小さな花
第7章 Eve night
しかし着いたのはSTAFF ONLYと書かれた個室で、電気もつけないままカズヤくんは私を抱きしめた。
フロアで流れる曲の重低音がここにも響いてくる。
「せいらちゃん…俺もう我慢できない」
「え…?」
服の上から胸をまさぐられる。
耳にあたるカズヤくんの息は熱くて荒かった。
「ちょっと待って、あの…っ――」
「ちゃんと付き合おう。
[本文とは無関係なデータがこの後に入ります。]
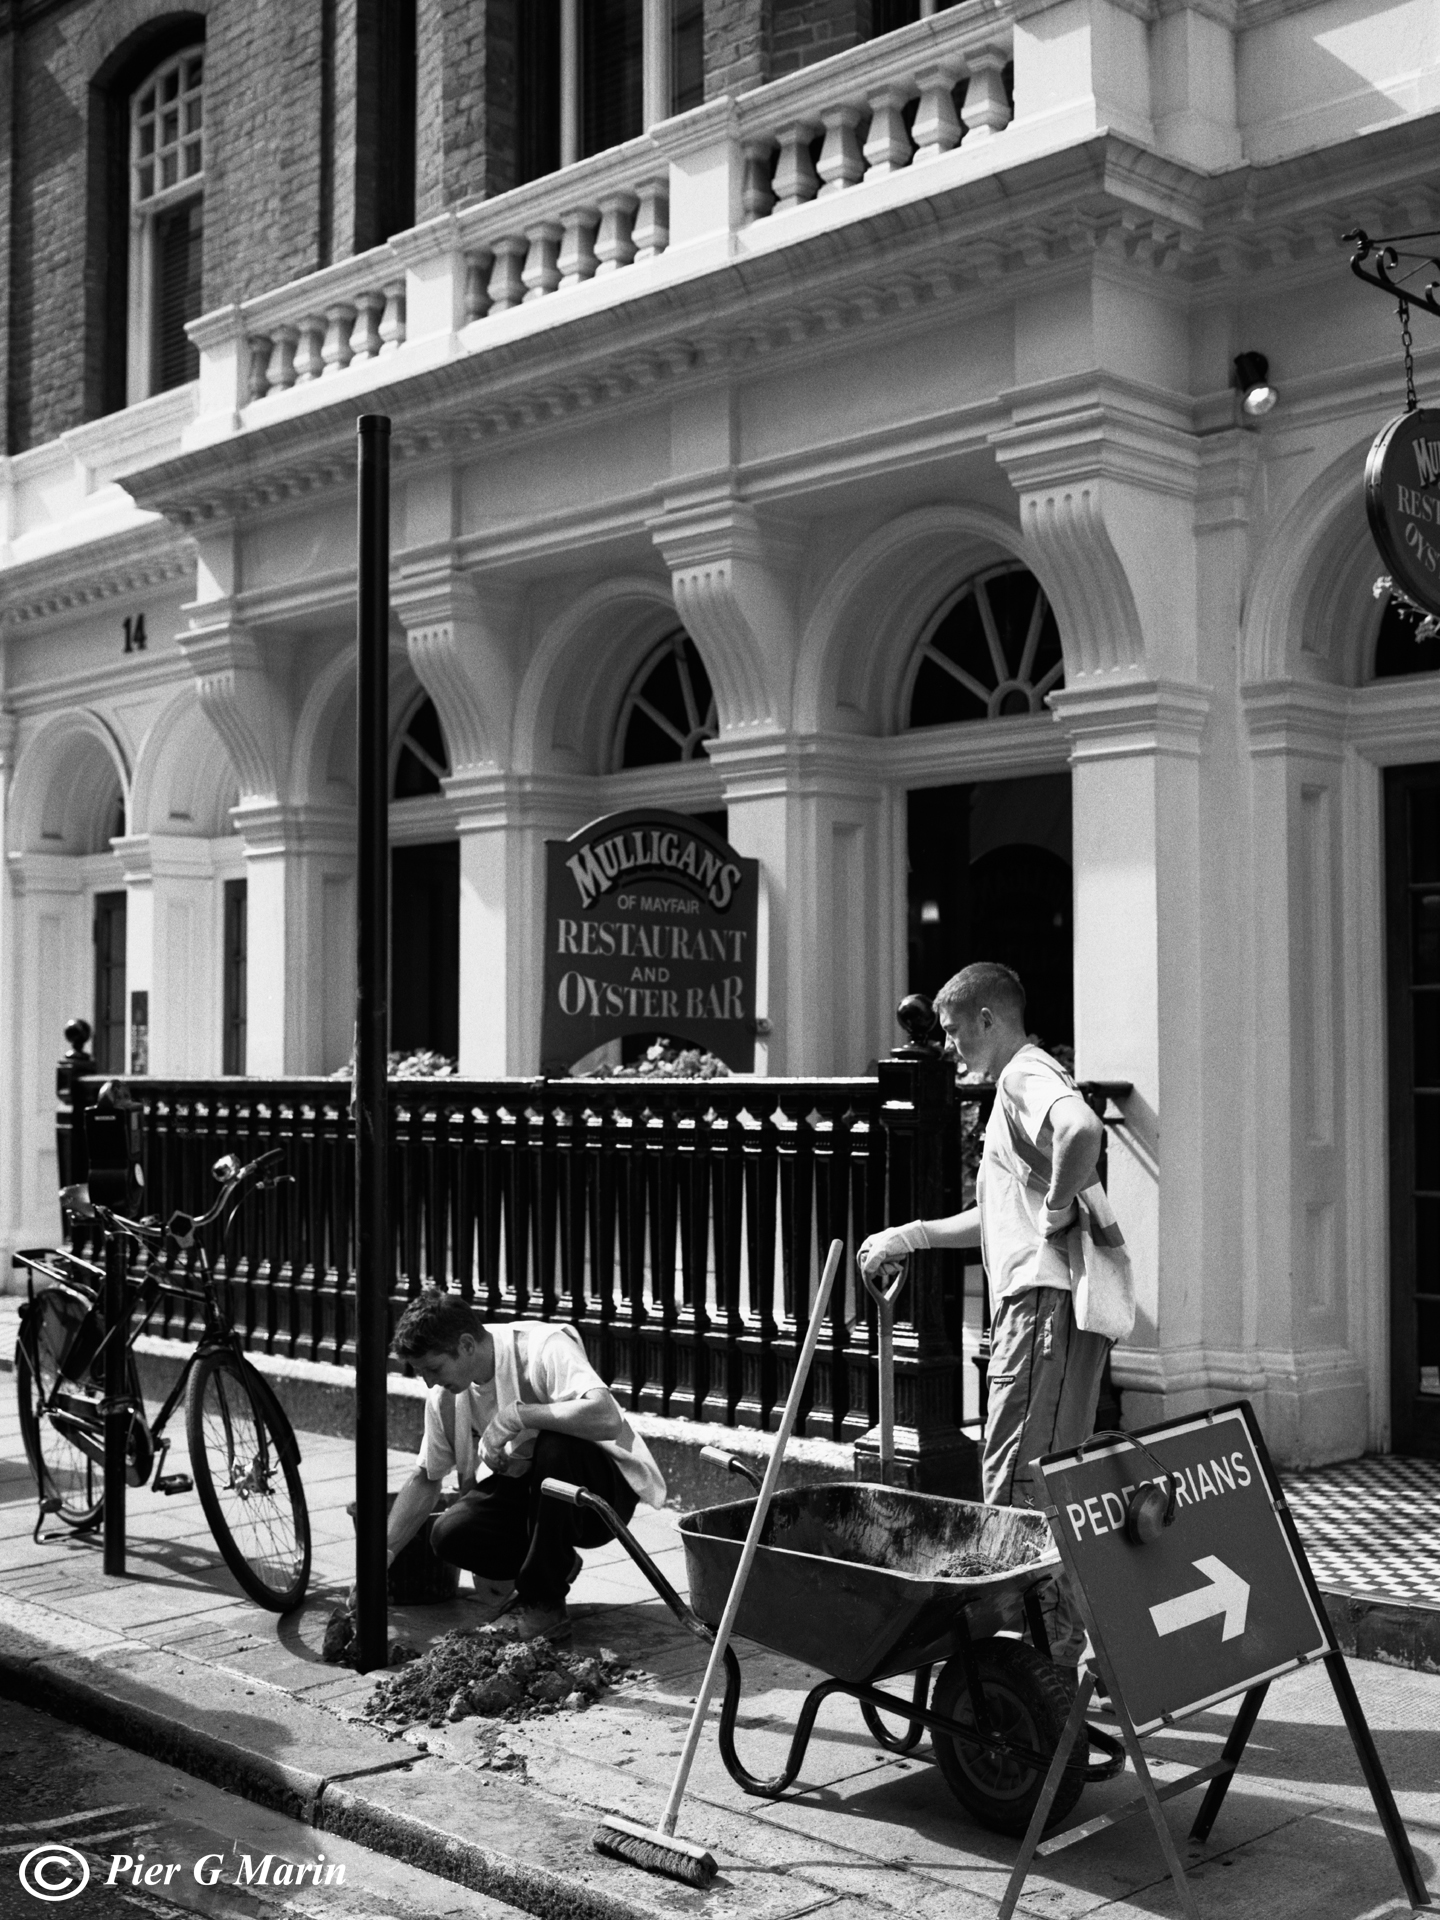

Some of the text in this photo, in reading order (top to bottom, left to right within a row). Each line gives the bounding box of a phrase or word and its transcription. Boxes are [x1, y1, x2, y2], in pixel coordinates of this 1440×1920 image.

ね?」
「か…加奈子ちゃんにも同じこと言ってるでしょ」
「本当はせいらちゃんだけが好き」
話している間にも胸を揉みしだかれ、ニットのセーターはめちゃめちゃになっていく。
「好きって…何?」
「え?」
「好きって簡単に言わないで」
ドン!と思い切りカズヤくんを引き離し、逃げ出した。
頬を這った唇の感触がなかなか消えてくれない…――。
クラブを出て数十メートル走っただろうか、こんなに走ったのは久しぶりで息が切れる。
しゃがみ込み、ハアハアと白い息をただ見ていたその時……頭上から「なにしてんのお前」と声がした。
おそるおそる見上げると、そこにはシンくん。
そしてそのすぐ後ろに由梨さんが立っている。
2人がイブの夜に一緒にいた事も、こんな姿を見られた事も、感情がなにも言葉にできず呆然と2人を見上げていた。
「酔ってんの?…ったく。ほら、立てるか?」
シンくんが慣れた手つきで私のバッグを取り上げ、腕をつかむ。
ゆっくり立ち上がると、由梨さんも「大丈夫?」と心配そうに眉を下げていた。
「せいらちゃん!」
遠くからカズヤくんが走ってくるのが分かる。
とっさにシンくんの腕からバッグをつかみ、アパートまで駆けだした。
「おい!」
「せいらちゃん!待って!」
シンくんとカズヤくんの声が響く。
振り向かず、なにも考えず、とにかく走った。
煌びやかなイルミネーションがこんなにも虚しいものだなんて知らなかったな…。